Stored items

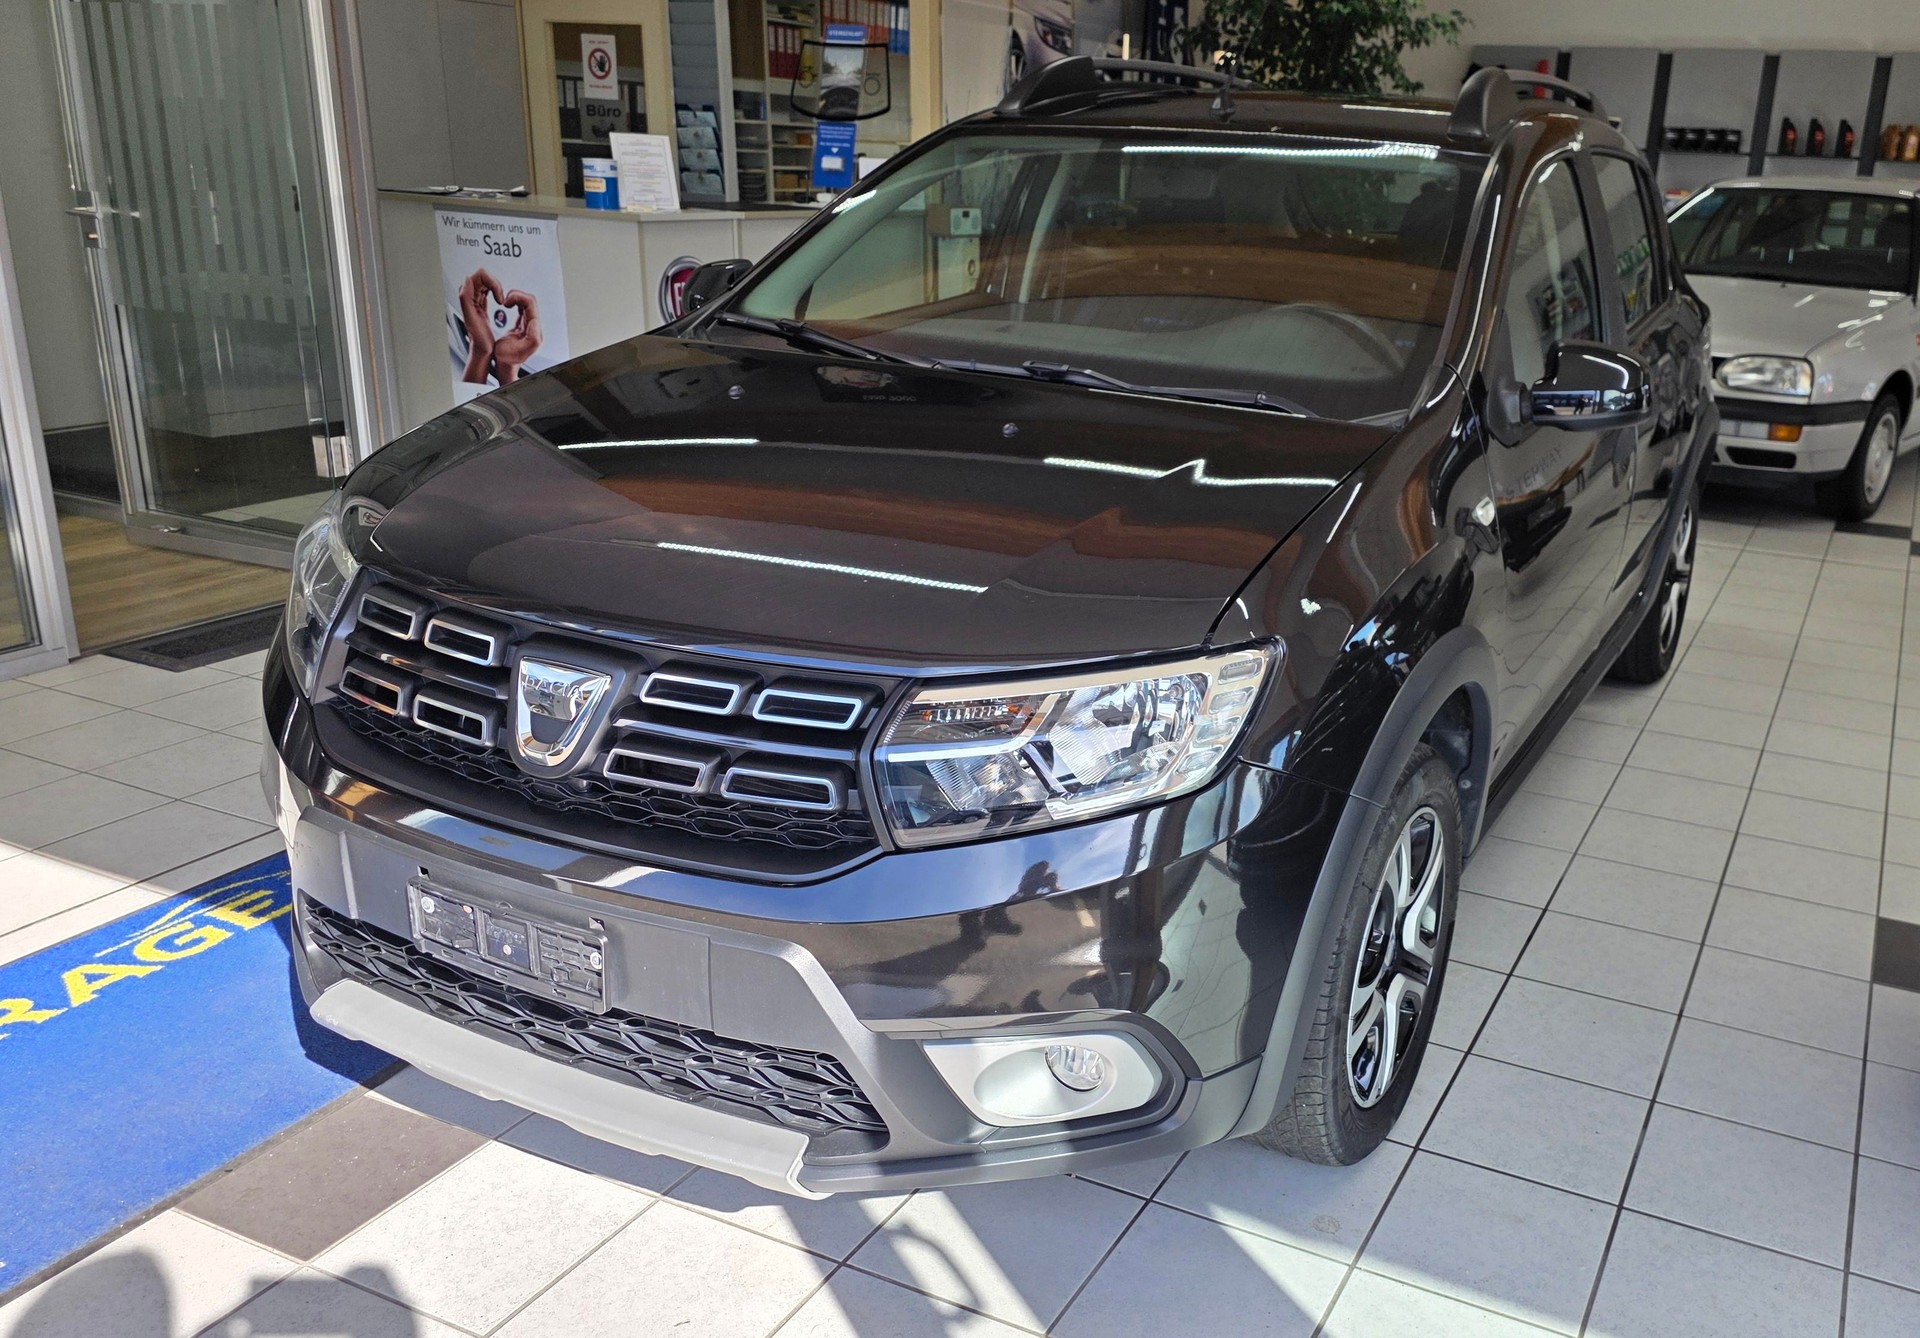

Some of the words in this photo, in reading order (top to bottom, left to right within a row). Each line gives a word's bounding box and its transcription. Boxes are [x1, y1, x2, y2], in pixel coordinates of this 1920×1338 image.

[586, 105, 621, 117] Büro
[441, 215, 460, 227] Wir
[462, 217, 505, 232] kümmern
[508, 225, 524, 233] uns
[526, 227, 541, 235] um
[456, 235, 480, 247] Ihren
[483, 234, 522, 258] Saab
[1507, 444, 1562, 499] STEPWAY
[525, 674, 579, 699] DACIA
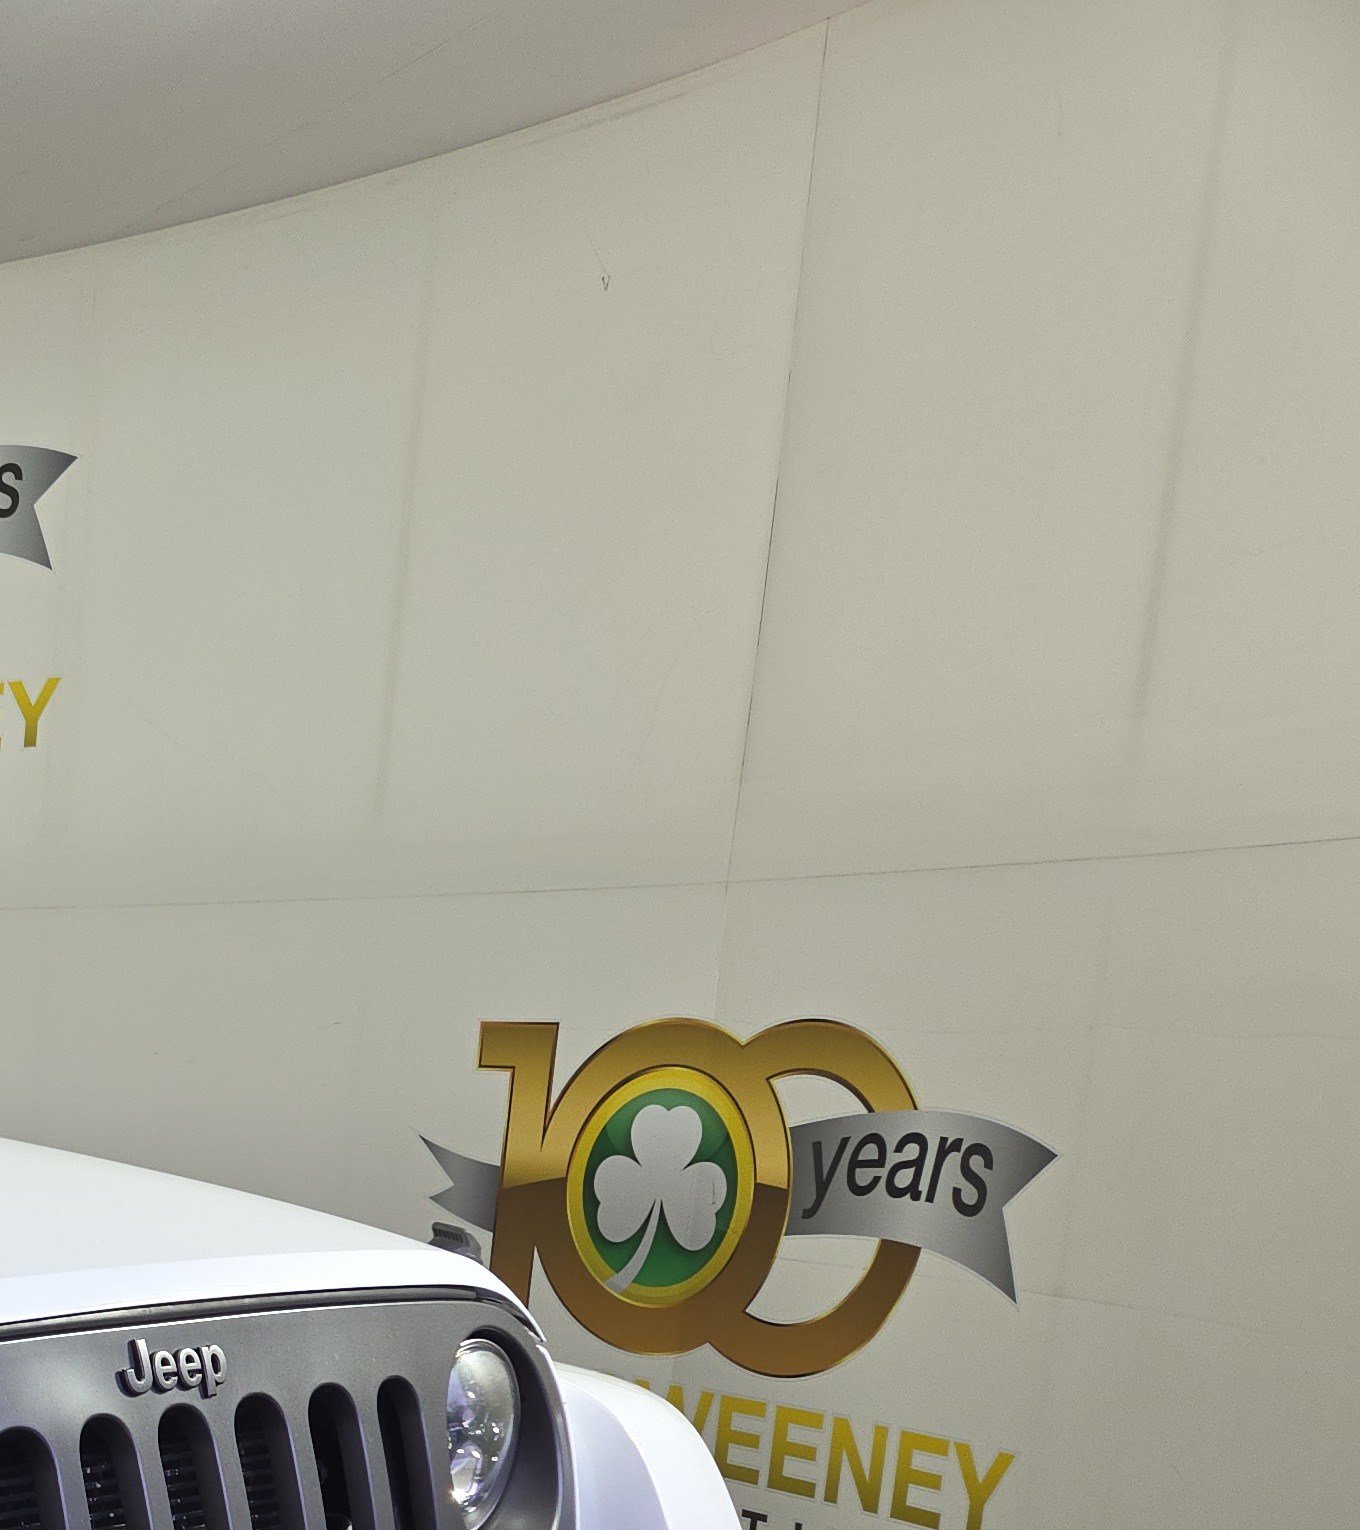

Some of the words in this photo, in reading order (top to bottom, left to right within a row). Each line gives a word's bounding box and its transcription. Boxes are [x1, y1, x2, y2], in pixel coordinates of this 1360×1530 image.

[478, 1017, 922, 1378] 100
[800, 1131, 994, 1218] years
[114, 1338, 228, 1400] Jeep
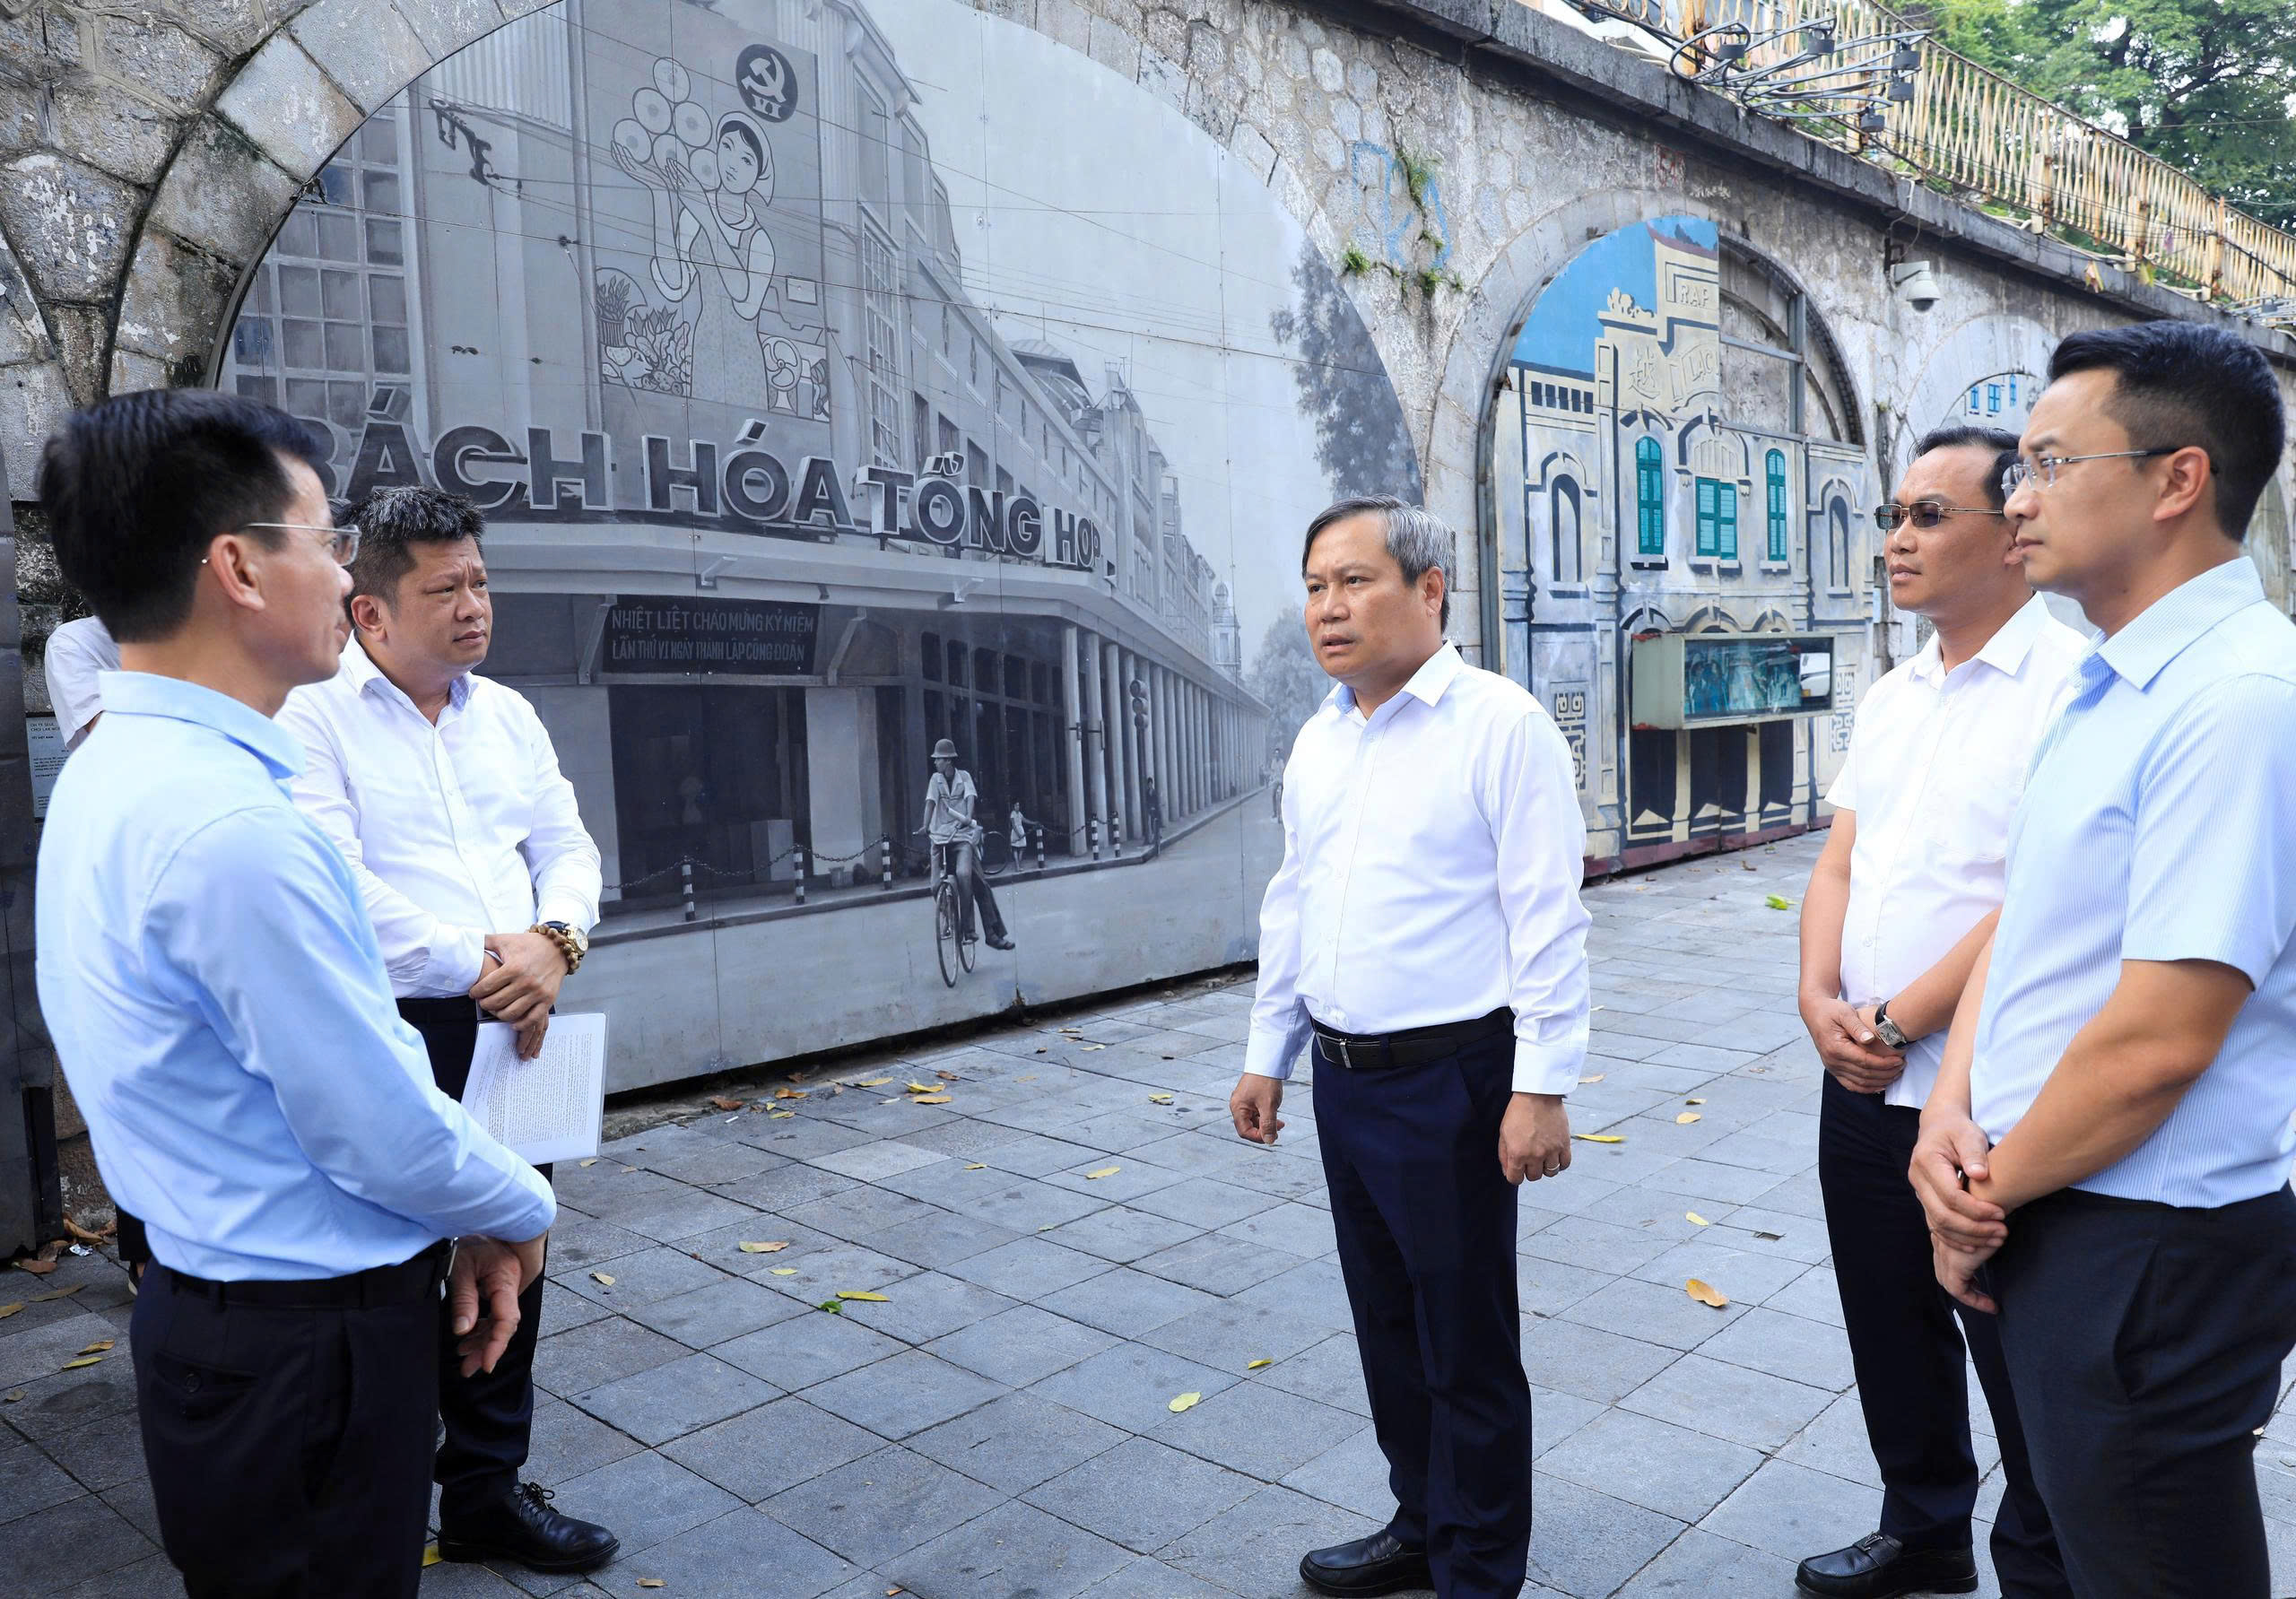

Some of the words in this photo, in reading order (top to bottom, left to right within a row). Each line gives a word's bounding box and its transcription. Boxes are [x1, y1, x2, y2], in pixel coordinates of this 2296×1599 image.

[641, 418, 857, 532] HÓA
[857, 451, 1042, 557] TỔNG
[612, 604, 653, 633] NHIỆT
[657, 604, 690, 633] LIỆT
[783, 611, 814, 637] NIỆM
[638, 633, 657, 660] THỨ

▸ WHAT IS REQUIRED: Each entry should be repeated exactly as it appears; the pictures stay out.

▸ COMPLETED TASK:
Some of the words in this photo, in reading order (top to bottom, left to right within a row). Each line gives a word's bounding box and its transcription. Boxes are [x1, y1, x2, y2], in pixel coordinates of this 1920×1338 image.

[586, 105, 621, 117] Büro
[441, 215, 460, 227] Wir
[462, 217, 505, 232] kümmern
[508, 225, 524, 233] uns
[526, 227, 541, 235] um
[456, 235, 480, 247] Ihren
[483, 234, 522, 258] Saab
[1507, 444, 1562, 499] STEPWAY
[525, 674, 579, 699] DACIA

Some of the words in this photo, in reading order (top to bottom, left to right within a row). Each line gives a word's bounding box and its transcription. Boxes are [x1, y1, x2, y2], in pixel coordinates of this 1360×1530 image.

[478, 1017, 922, 1378] 100
[800, 1131, 994, 1218] years
[114, 1338, 228, 1400] Jeep

Some of the words in this photo, in reading order (top to bottom, left to right within a row). Each line gives a word's bounding box and its transcription. Boxes are [x1, y1, x2, y2], in pixel coordinates of this 2296×1599 image.

[641, 418, 857, 532] HÓA
[857, 451, 1042, 557] TỔNG
[612, 604, 653, 633] NHIỆT
[657, 604, 690, 633] LIỆT
[783, 611, 814, 637] NIỆM
[638, 633, 657, 660] THỨ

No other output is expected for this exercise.